» **Exercise**
What you return should match the data exactly, from the first line to the last.

(Given entries begins)

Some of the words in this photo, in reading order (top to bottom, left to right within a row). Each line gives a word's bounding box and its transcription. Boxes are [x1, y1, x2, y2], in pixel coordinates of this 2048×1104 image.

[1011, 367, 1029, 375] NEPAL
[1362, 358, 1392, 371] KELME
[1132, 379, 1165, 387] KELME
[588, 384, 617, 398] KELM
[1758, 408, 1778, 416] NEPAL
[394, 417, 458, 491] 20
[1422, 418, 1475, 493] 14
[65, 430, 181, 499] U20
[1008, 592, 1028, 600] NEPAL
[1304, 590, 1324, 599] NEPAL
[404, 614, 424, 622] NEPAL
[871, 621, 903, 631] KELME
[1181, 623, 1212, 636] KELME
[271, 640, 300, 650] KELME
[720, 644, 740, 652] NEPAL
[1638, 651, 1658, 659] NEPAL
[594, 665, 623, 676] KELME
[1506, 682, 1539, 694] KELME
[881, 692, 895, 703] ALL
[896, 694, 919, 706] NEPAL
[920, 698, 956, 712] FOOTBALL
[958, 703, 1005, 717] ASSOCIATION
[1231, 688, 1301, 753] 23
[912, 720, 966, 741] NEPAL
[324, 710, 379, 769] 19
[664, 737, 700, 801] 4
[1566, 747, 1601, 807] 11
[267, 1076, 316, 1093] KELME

(Given entries ends)

» **Output of the task**
Some of the words in this photo, in reading order (top to bottom, left to right within a row). Each line gives a word's bounding box and its transcription. Boxes are [x1, y1, x2, y2], in pixel coordinates of this 2048×1104 image.

[1011, 367, 1029, 375] NEPAL
[1362, 358, 1392, 371] KELME
[1132, 379, 1165, 387] KELME
[588, 384, 617, 398] KELM
[1758, 408, 1778, 416] NEPAL
[394, 417, 458, 491] 20
[1422, 418, 1475, 493] 14
[65, 430, 181, 499] U20
[1008, 592, 1028, 600] NEPAL
[1304, 590, 1324, 599] NEPAL
[404, 614, 424, 622] NEPAL
[871, 621, 903, 631] KELME
[1181, 623, 1212, 636] KELME
[271, 640, 300, 650] KELME
[720, 644, 740, 652] NEPAL
[1638, 651, 1658, 659] NEPAL
[594, 665, 623, 676] KELME
[1506, 682, 1539, 694] KELME
[881, 692, 895, 703] ALL
[896, 694, 919, 706] NEPAL
[920, 698, 956, 712] FOOTBALL
[958, 703, 1005, 717] ASSOCIATION
[1231, 688, 1301, 753] 23
[912, 720, 966, 741] NEPAL
[324, 710, 379, 769] 19
[664, 737, 700, 801] 4
[1566, 747, 1601, 807] 11
[267, 1076, 316, 1093] KELME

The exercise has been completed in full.